> _WORK REQUIRED_
For this exercise, return the line containing "Some of the text" and every line after it through the end of the records below, without alteration.

= Beginning of Section =

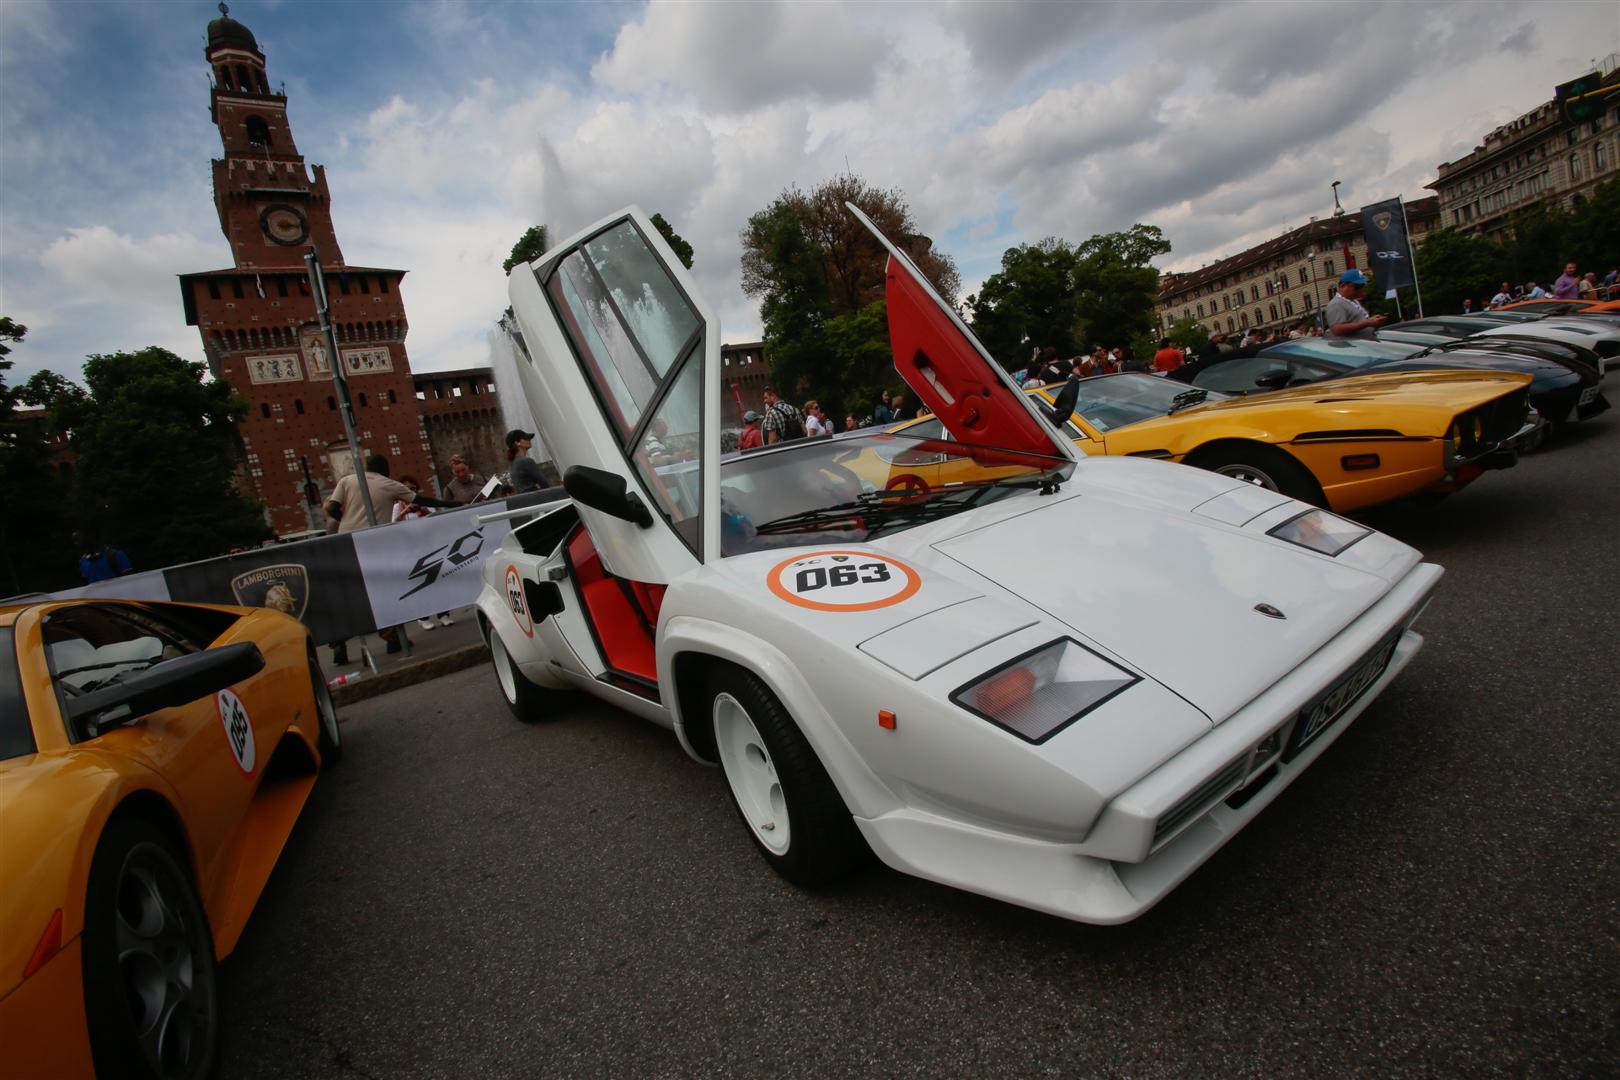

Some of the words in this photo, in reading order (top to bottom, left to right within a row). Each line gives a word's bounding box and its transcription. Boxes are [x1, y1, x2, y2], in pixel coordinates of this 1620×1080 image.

[237, 567, 302, 590] LAMBORGHINI
[796, 563, 891, 593] 063
[509, 590, 526, 615] 063
[230, 699, 248, 763] 095
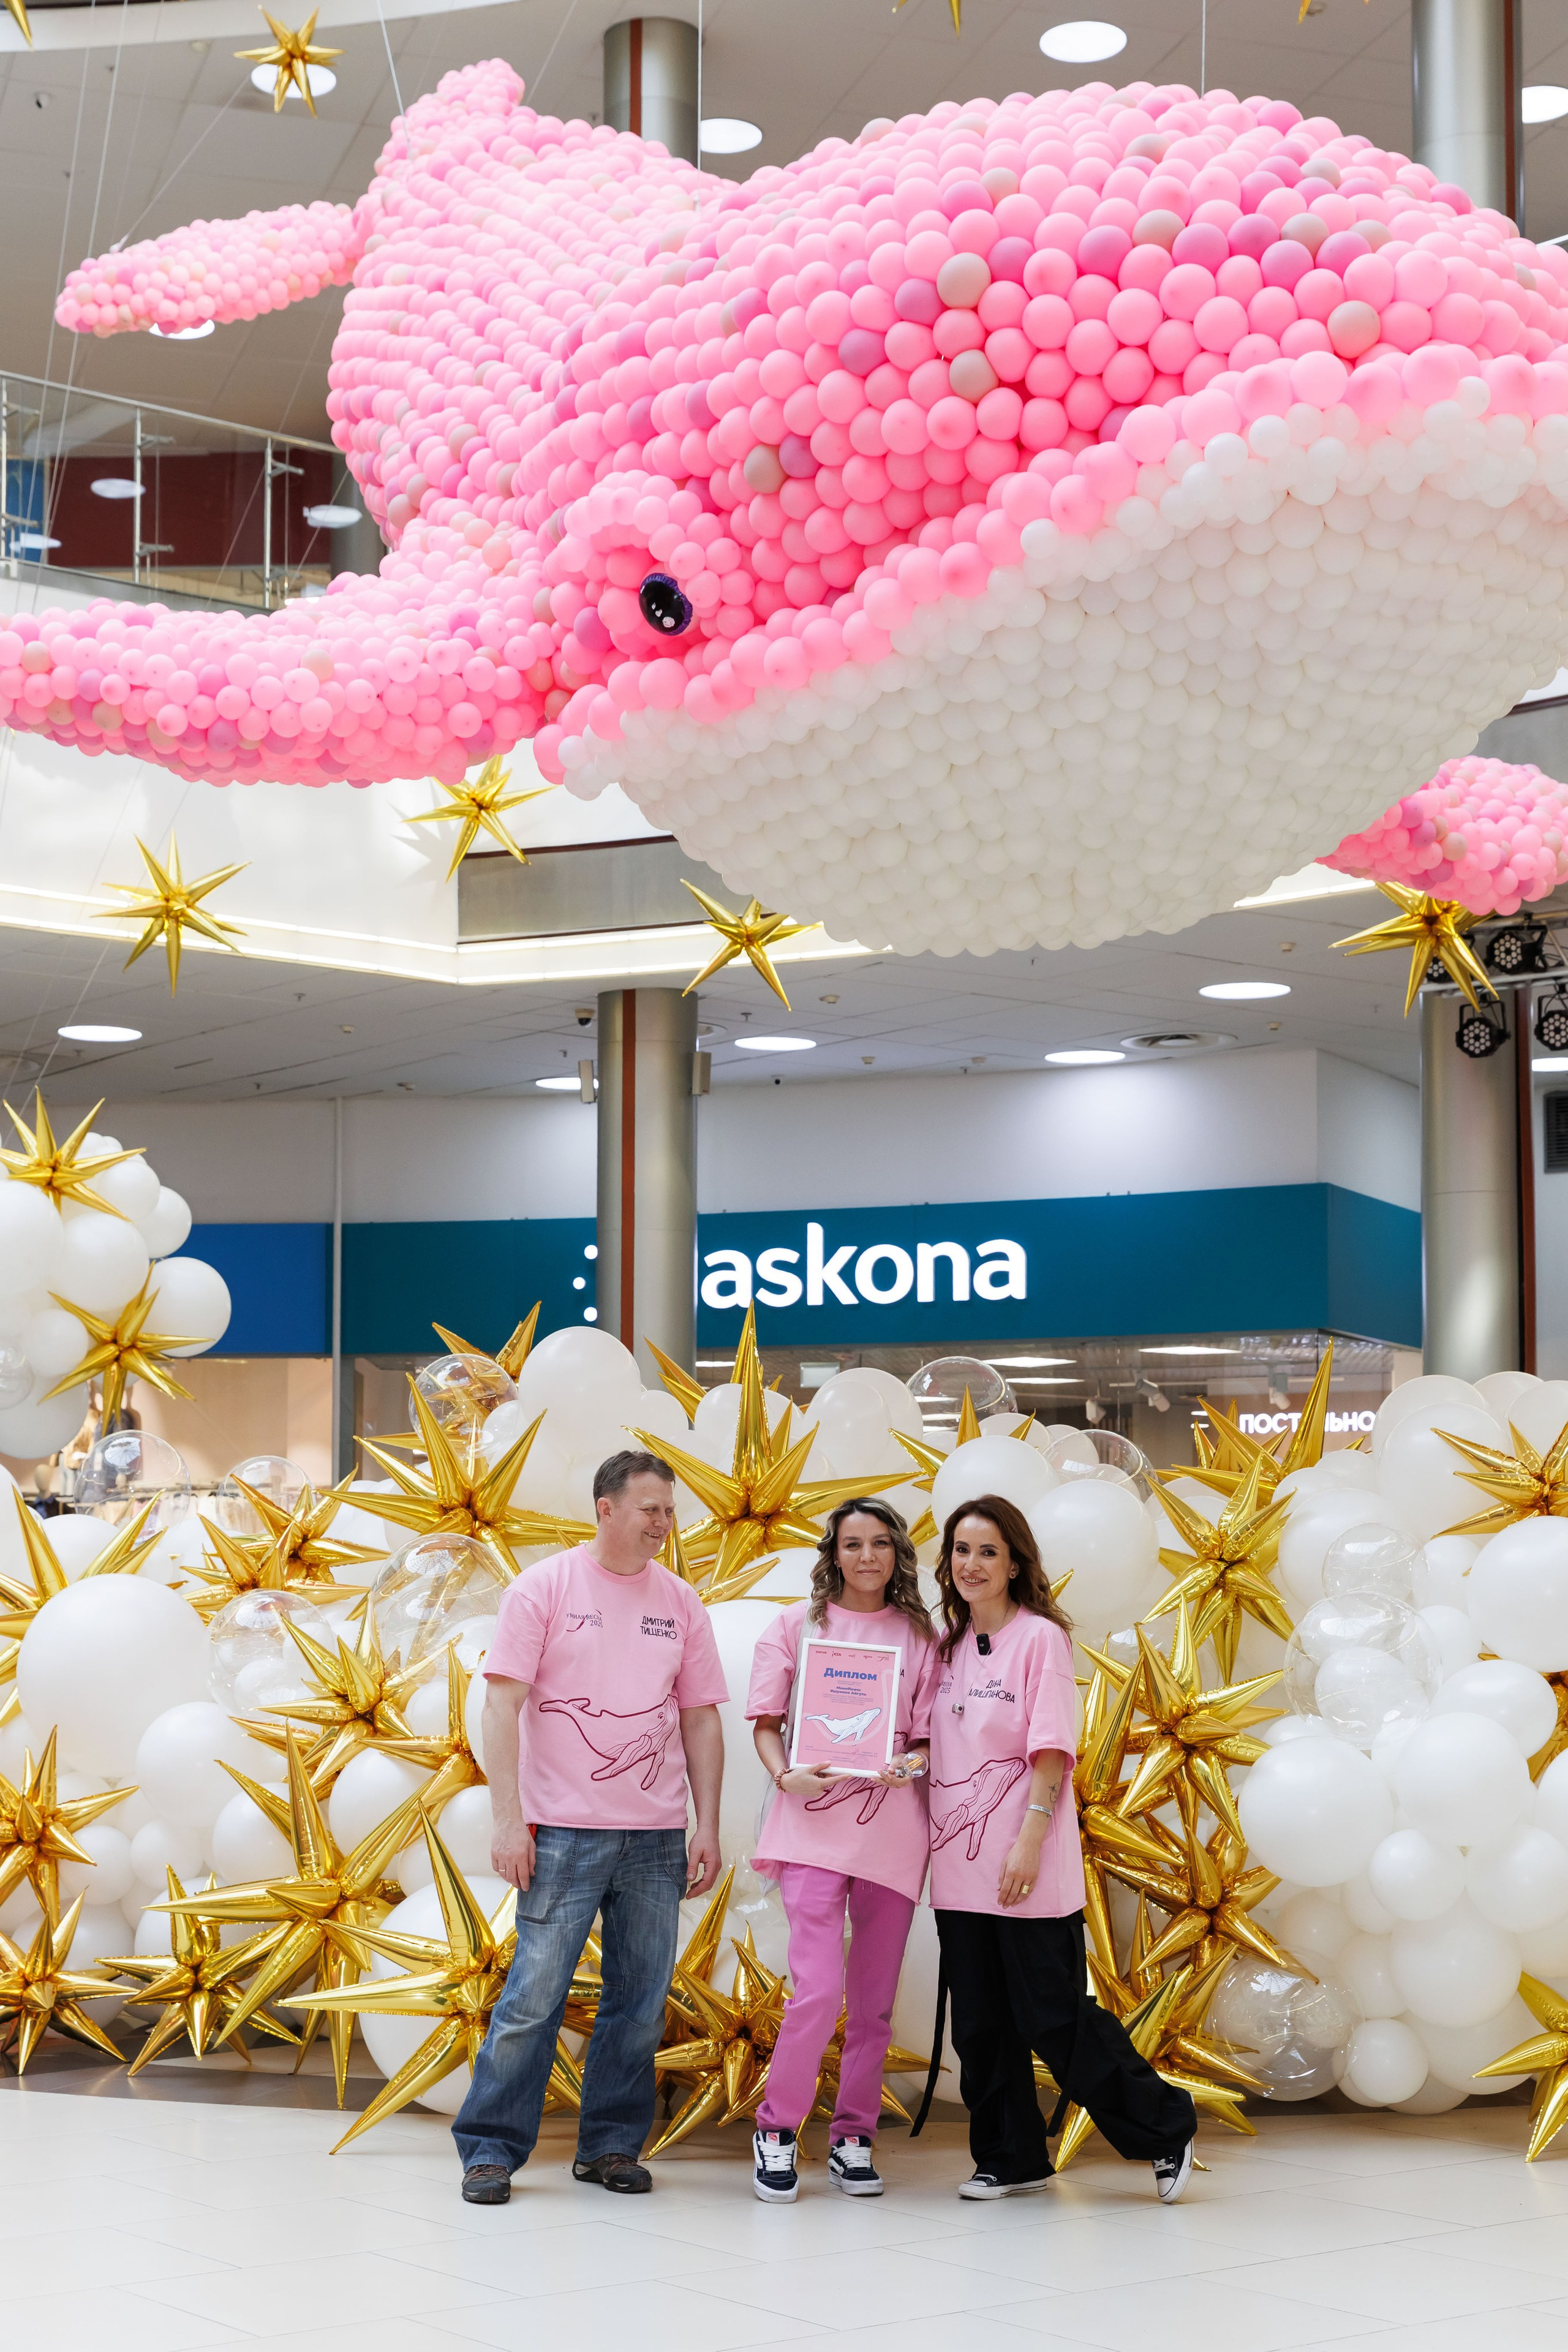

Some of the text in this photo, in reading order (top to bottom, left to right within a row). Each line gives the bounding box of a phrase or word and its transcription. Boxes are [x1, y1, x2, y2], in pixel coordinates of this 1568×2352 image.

[701, 1222, 1028, 1310] askona
[642, 1616, 675, 1628] ДМИТРИЙ
[640, 1626, 677, 1639] ТИЩЕНКО
[823, 1667, 877, 1681] Диплом

= End of Section =

> _RESPONSE FOR THIS EXERCISE_
Some of the text in this photo, in reading order (top to bottom, left to right within a row). Each line gives the bounding box of a phrase or word and its transcription. Boxes are [x1, y1, x2, y2], in pixel coordinates of this 1568×2352 image.

[701, 1222, 1028, 1310] askona
[642, 1616, 675, 1628] ДМИТРИЙ
[640, 1626, 677, 1639] ТИЩЕНКО
[823, 1667, 877, 1681] Диплом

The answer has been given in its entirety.